Fig. 4.

Effect of PKCβ inhibition on basal and AMPH-induced DAT trafficking in WT mice. Striatal synaptosomes from WT mice were pretreated with either the PKCβ-specific inhibitor LY (100 nM) or V for 1 h at 37°C. Surface DAT expression was determined by biotinylation and quantified as described under Materials and Methods. Data were expressed as percentage of DAT surface expression (biotinylated DAT/lysate DAT) relative to control. A, incubation with 100 nM LY for 1 h at 37°C significantly reduced basal surface DAT expression compared with Veh treatment (LY versus V, paired Student's t test, p < 0.05, n = 9).

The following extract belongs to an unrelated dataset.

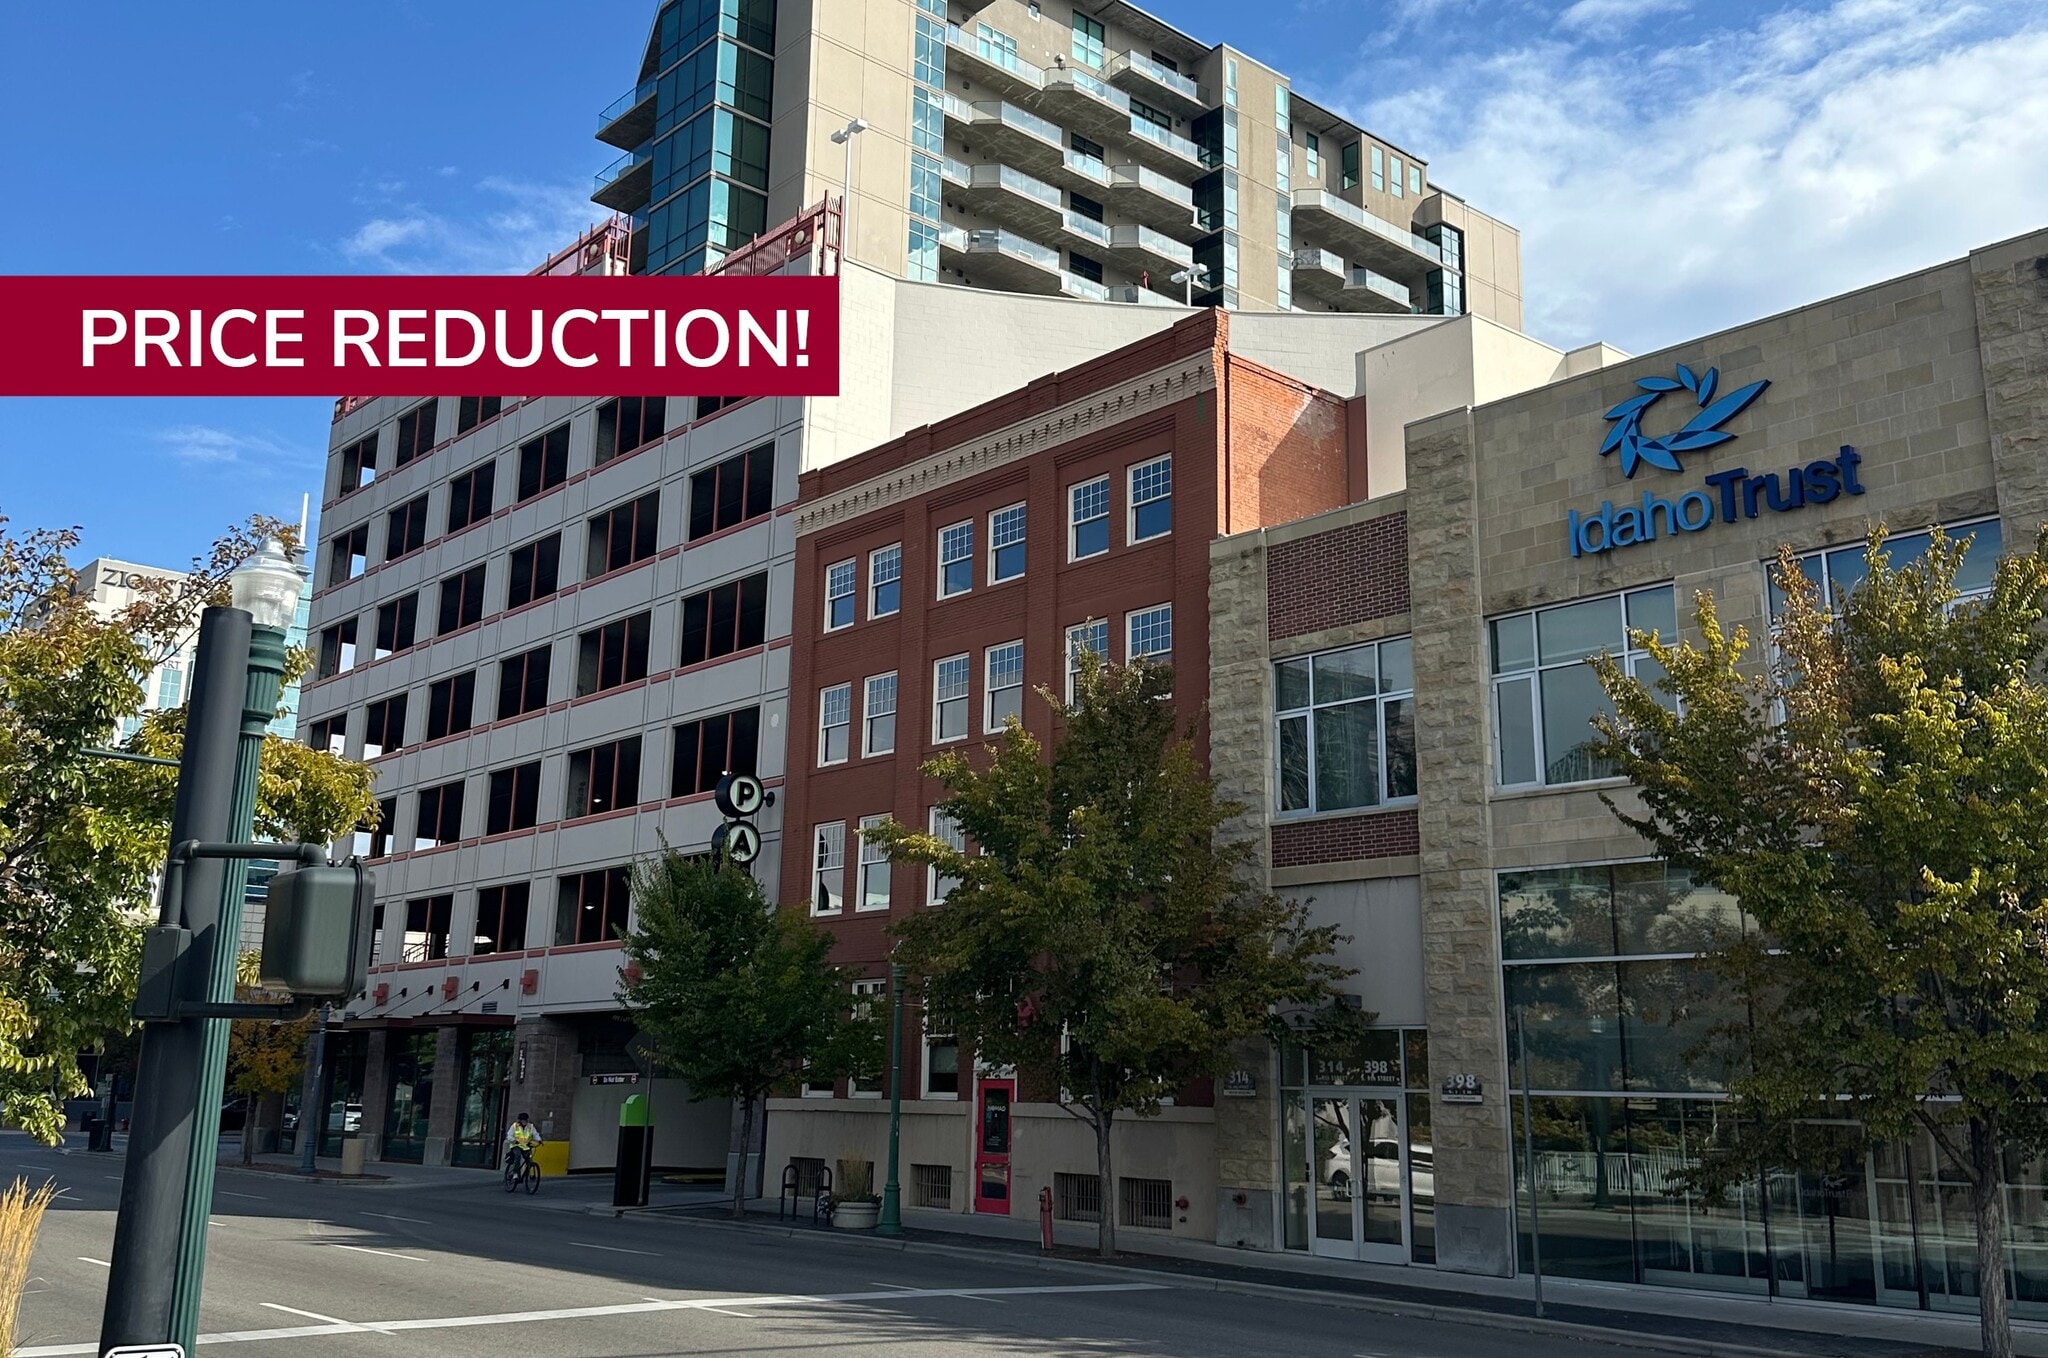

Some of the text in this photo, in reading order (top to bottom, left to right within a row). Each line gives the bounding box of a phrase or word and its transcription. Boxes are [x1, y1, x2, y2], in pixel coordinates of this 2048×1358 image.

B, striatal synaptosomes from WT mice were preincubated with 100 nM LY379196, then challenged with 10 μM A or V for either 0.5 or 60 min. Short-term (0.5 min) AMPH exposure resulted in a significant reduction in surface DAT expression compared with Veh exposure (LY + V versus LY + 30-sec AMPH, paired Student's t test, p < 0.05, n = 4), mimicking short-term AMPH-induced DAT trafficking in KO mice. Conversely, long-term AMPH treatment (60 min) increased surface DAT expression compared with Veh controls (LY + V versus LY + 60-min AMPH, paired Student's t test, p < 0.01, n = 6), a similar pattern to KO mice. Data are represented as mean ± S.E.M.